Perinatal Depression Week 2019
Congratulations! You're having a baby!
It is an emotional time when you first find out you are expecting. Whether you had a planned pregnancy, or there is a little surprise on its way. The rollercoaster of emotions that you will feel is unique to you, and there is no right or wrong way to feel about it. If you are concerned or unhappy for whatever reason about the way you feel, it would be best to talk to somebody you trust. Your GP is always a good resource. Everybody's journey is not the same and unfortunately for some parents they will have the added hurdle of perinatal depression. Beyond Blue refers to the perinatal period as any time between conception and when your baby turns 12 months of age. Other terms you may have heard are antenatal, the time from conception to birth and postnatal the time after birth. Depression and/or anxiety can occur at any time in the perinatal period. I will concentrate on perinatal depression. For information on perinatal anxiety a good resource is Beyond Blue and (PANDA) Perinatal Anxiety & Depression Australia. Just always remember that if you have any concerns at any time please talk to somebody.
Depression or the Baby Blues?
Many new mothers go through what is commonly called 'baby blues'. New mothers may experience symptoms such as feeling overwhelmed, tearful, have mood swings and/or anxiety between three and ten days post birth. It is not clear why new mothers experience the baby blues, but it is thought that it may be due to the rapidly changing hormone levels experienced after giving birth. If you do get the baby blues, rest assured that it will go away after a few days. Support from your partner and family will be very helpful at this stage. If the symptoms do not pass within a few days, remember to allow yourself and your partner time to adjust to the new routines and demands that a baby brings to any home situation. If you have any concerns, or these symptoms last for more than two weeks, it is always best to seek advice from professionals. This may be a sign of depression.
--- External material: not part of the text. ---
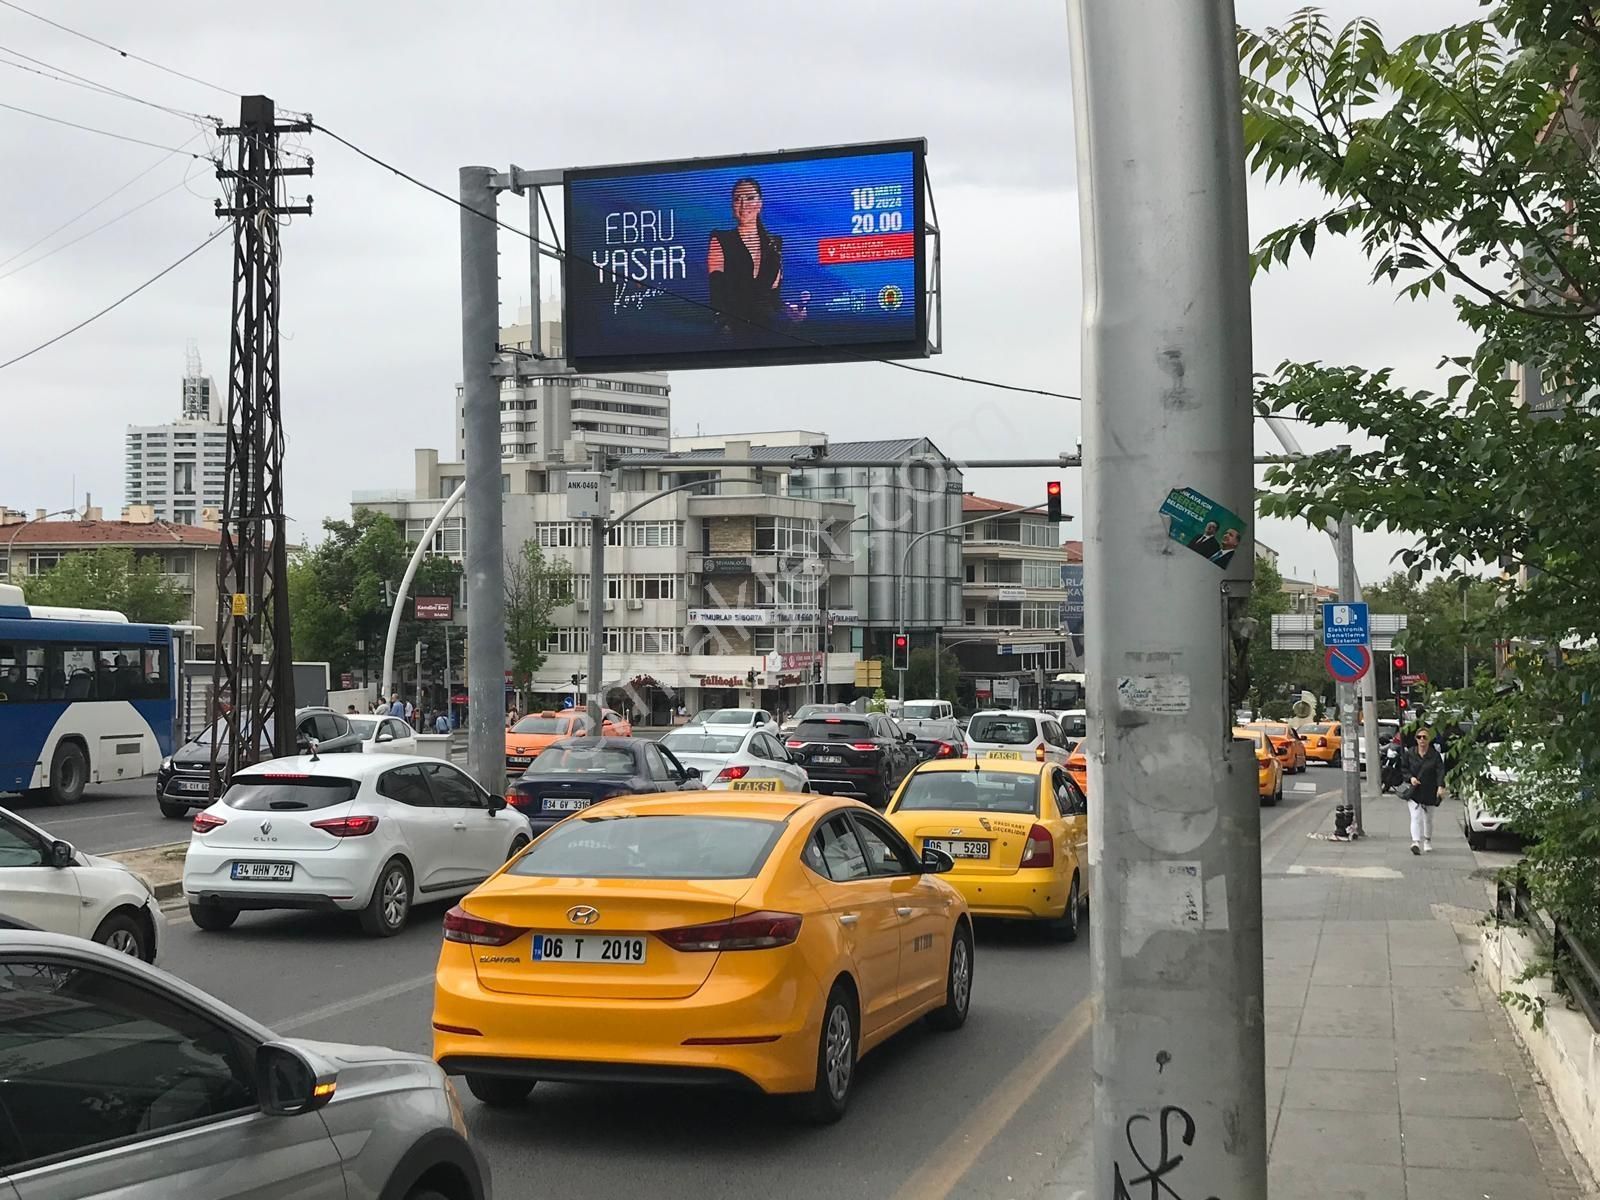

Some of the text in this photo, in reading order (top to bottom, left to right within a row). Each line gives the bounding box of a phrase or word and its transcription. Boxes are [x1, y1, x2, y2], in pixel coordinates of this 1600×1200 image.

It is unclear what causes depression, but there are factors that may contribute to your vulnerability:
- History of depression
- Family member history
- Stress during pregnancy or unwanted pregnancy
- Complicated or traumatic birth
- Relationship issues
- Lack of support
- Sick or unsettled baby
The symptoms of depression are the same as any other time in life. However, in pregnancy and early parenthood, they may be a little harder to identify and to cope with. Some of the changes you may experience in pregnancy and early parenthood are very similar to the signs of depression. For example, changes in your appetite or sleep pattern. Sometimes this is why it can be hard to distinguish the difference.
Some signs of depression:
- Very low mood
- Feeling of inadequacy
- Feeling of exhaustion, tiredness and teary
- Feelings or being ashamed or worthless
- Feelings of anxiety or panic
- Sleeping problems, too long or with nightmares
- Frightened to go out
- Abrupt mood swings
- Withdrawing from friends and family
- Difficulties in concentration
- Engaging in risk-taking behaviour e.g. drug taking
Most women in Australia will be screened for signs of depression in pregnancy and then again once their baby is born. The screen is just a questionnaire about how they are feeling and is carried out by a health professional. This will determine if the mother shows signs of depression.
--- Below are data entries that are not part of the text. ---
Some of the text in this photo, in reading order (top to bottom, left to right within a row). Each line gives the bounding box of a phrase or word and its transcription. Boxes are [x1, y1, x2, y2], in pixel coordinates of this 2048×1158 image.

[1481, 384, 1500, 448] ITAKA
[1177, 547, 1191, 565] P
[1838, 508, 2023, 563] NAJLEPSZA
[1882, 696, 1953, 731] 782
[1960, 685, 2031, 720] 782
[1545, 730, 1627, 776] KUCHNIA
Good news, Depression is treatable and more encouragingly, there are range of health professionals and/or medications that can help. Your GP may conduct blood tests just to rule out any physical issues that mimic signs of depression such as anaemia or thyroid problems. Your GP or other health professional may develop a treatment plan that will be tailored to your needs. This normally includes emotional and psychological support and includes practical support such as help from family and friends.
If your depression is quite severe, your doctor may put you on antidepressants. Most of these medications are quite safe through your pregnancy and whilst breastfeeding. As with any medication always check with your doctor before taking them. Perinatal depression as with any depression is very individual and some people may find that counselling works, others may need a combination of counselling and medication. Remember you are not the only person that is going through this and you are not alone. Talk to somebody, a member of the family, a friend or your GP.
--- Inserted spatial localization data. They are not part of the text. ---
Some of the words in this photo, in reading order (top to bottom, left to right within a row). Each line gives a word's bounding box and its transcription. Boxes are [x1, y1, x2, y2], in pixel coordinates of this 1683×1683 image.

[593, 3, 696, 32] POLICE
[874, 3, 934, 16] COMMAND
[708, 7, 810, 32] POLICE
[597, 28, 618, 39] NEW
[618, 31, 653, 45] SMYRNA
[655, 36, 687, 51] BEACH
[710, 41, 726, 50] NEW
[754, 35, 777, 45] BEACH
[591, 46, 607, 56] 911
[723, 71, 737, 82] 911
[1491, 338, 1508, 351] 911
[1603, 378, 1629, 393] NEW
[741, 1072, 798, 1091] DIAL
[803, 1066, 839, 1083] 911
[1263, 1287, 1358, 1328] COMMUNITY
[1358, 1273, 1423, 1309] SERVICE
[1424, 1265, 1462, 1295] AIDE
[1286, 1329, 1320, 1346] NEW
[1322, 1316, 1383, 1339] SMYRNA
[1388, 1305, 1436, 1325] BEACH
When most people think about perinatal depression, they think of mothers, but fathers can also suffer from the condition. They share all the same signs and symptoms. There are some other factors may contribute developing depression in fathers. These include attitudes towards fatherhood, maintaining masculinity. Fear of failure as a father, can lead to resentment and exclusion in a relationship. The worry of increased financial burden and not being able to provide for his family. Treatment options are the same for fathers as for mothers that are experiencing perinatal depression. Historically men are less likely to talk about their feelings or concerns. It is important that if you have any concerns about a partner, relative or even a mate I strongly encourage them to seek help.
Finding out you are pregnant or having a baby is a time of mixed emotions and maybe a few new challenges. If you or your partner have had the added challenge of depression at any stage remember you are not alone and there are many people available to help. Some of the people you can call upon to help is your GP, your midwife, child health nurse, Beyond Blue and PANDA. The end result can be amazing.